Gamers aren't rushing to buy AMD's Radeon RX 6500 XT despite better availability

When you have a whole 2 3070tis to sell, it's not hard to surpass that number.
[HEADING=2]AMD’s Radeon RX 6500 XT is the Bestselling GPU in Germany[/HEADING]

The 'real world' 3070ti number was 190 units, so not a bad showing.

If you want to talk numbers, the 280 6500 XTs sold was 32.7% of all Radeon cards sold that week; this gives the 6500 XT mindshare - which, after all, is what AMD desperately needs after the beatdown it got from the media. If AMD can't gain sufficient mindshare at the top of the graphics card market, why not start at the entry level with available cards and build the mindshare from there.

When one considers the 6500 XT die size:107mm2, that would be 500 chips per 300mm wafer at 90% yield. If 500 wafer starts per month is assumed, that would be 250K chips. If it takes 3 months to manufacture, that's 2.25M in the first year and 3M thereafter, which would certainly feed the supply-side beast. If a 2022 15M unit volume is assumed, that 3M would be 20% of that amount and is around what AMD's discrete graphics market share is today. So not a bad strategy to not only gain mindshare, but increase marketshare as well.

When we look at the 3050 and its humongous 276mm2 die, its manufacturing numbers for the same wafer starts and yield would be clearly less: 936K for the first year and 1.248M thereafter - so AMD's volume for its entry level card would be 2.4x greater.

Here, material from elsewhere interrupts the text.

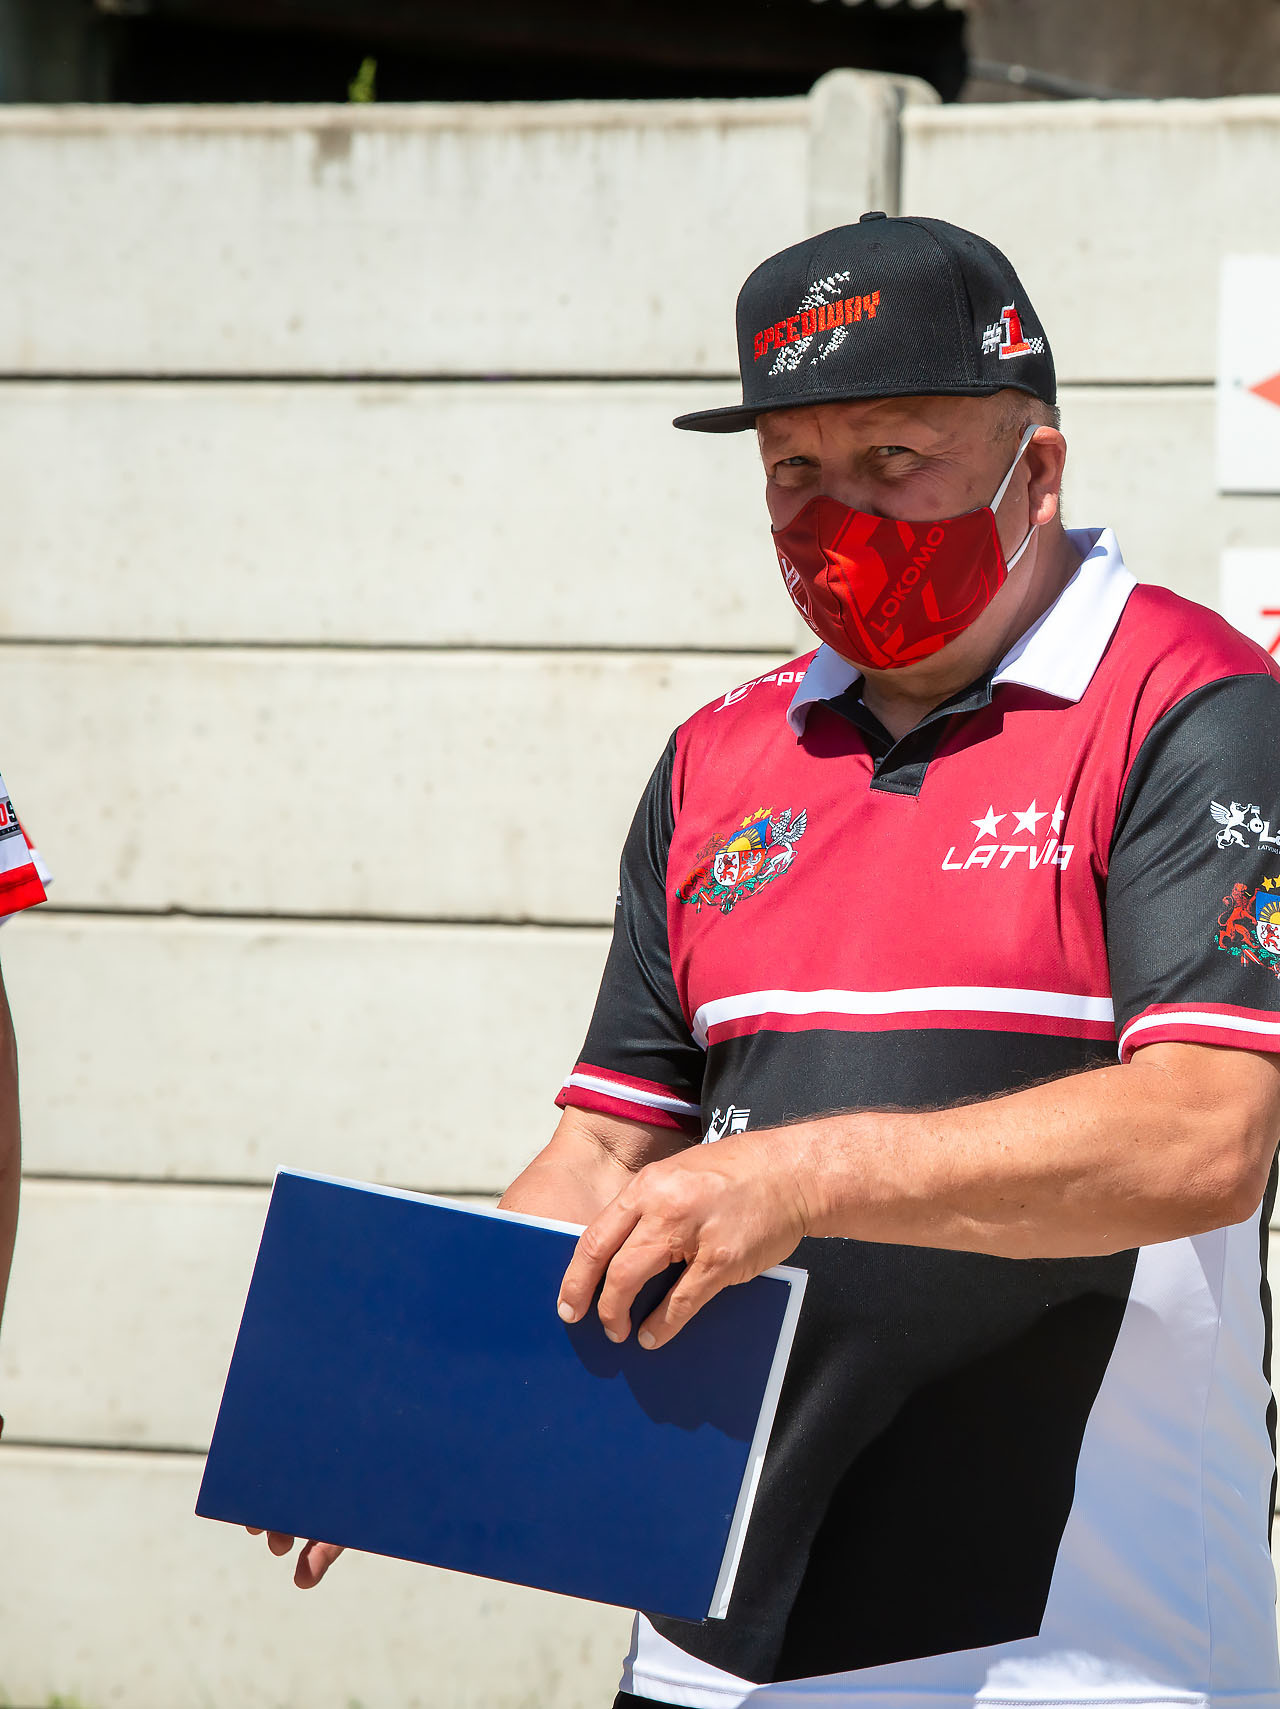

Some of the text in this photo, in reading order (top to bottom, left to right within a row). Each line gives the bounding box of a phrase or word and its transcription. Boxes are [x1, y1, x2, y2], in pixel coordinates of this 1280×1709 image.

[754, 290, 881, 362] SPEEDWAY
[870, 520, 951, 632] LOKOMO
[942, 839, 1075, 870] LATVIA

Because the 3050 die is so big, does anybody seriously believe that Nvidia would prioritize production to compete with AMD? I really don't think so as the graphics giant could make far more profit by selling those dies for higher margin cards, which is Nvidia's typical playbook. So, this explains in today's market why the 3050 is sold out and the 6050 XT isn't.

Mindfactory's week 3 sales were also of interest from a marketshare and revenue standpoint:
AMD: 855 units sold, 44.53%, ASP: 715.84 (Euro)
Nvidia: 1065, 55.47%, ASP: 885.82

If AMD's Mindfactory market share was replicated for the world, its discrete graphics yearly revenue would be - this assumes a 15M unit volume: $5.33B, which would be 55% of its 2020 full year revenue. Let's not forget that Ryzen sales first took off at Mindfactory first before the rest of the world followed; so, it will be intersting to see if the same thing happens to Radeon.

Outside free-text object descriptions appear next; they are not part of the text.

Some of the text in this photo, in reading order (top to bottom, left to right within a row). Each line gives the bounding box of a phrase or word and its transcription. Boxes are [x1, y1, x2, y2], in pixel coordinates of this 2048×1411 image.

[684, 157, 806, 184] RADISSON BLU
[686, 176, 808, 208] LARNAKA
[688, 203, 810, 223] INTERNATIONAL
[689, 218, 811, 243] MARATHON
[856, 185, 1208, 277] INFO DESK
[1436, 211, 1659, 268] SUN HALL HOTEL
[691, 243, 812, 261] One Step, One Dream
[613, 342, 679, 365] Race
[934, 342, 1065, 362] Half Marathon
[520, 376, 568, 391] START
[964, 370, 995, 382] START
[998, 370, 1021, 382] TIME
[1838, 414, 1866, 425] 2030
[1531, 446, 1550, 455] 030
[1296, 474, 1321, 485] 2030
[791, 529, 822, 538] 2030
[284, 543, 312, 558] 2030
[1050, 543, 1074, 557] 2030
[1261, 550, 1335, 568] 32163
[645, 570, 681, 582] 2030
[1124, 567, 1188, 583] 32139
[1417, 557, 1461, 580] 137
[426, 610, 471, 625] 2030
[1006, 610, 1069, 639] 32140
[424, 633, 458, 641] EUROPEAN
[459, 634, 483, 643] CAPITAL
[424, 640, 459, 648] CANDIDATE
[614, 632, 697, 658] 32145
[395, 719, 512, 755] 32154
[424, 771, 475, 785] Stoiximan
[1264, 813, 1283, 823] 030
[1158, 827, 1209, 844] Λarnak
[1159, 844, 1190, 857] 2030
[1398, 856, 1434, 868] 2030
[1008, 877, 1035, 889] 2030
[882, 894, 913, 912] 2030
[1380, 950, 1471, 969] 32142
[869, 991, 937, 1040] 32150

If AMD's plan is to flood the market with lower cost entry-level graphics cards that enthusiasts embrace and adopt, AMD would have put in motion the mindshare plan that ultimately resurrects Radeon for future product glory.
 
The RX 6500 XT has been available since its launch date, but none of the models is close to MSRP. The cheapest model I can find in my location is the Sapphire Pulse which is round about 265 USD. While I can say that AMD finally addressed the issue of low or no GPUs at an affordable price for sale, but to me, the RX 6500 XT is really like throwing a bone to gamers. The fact that they stripped almost every meaningful feature on it, cut the VRAM to 4GB and with gaming performance barely better than the previous gen, is a very poor product. They are probably better off just rebranding the RX 5500 XT as the RX 6500 XT, which should see better feature and more consistent performance.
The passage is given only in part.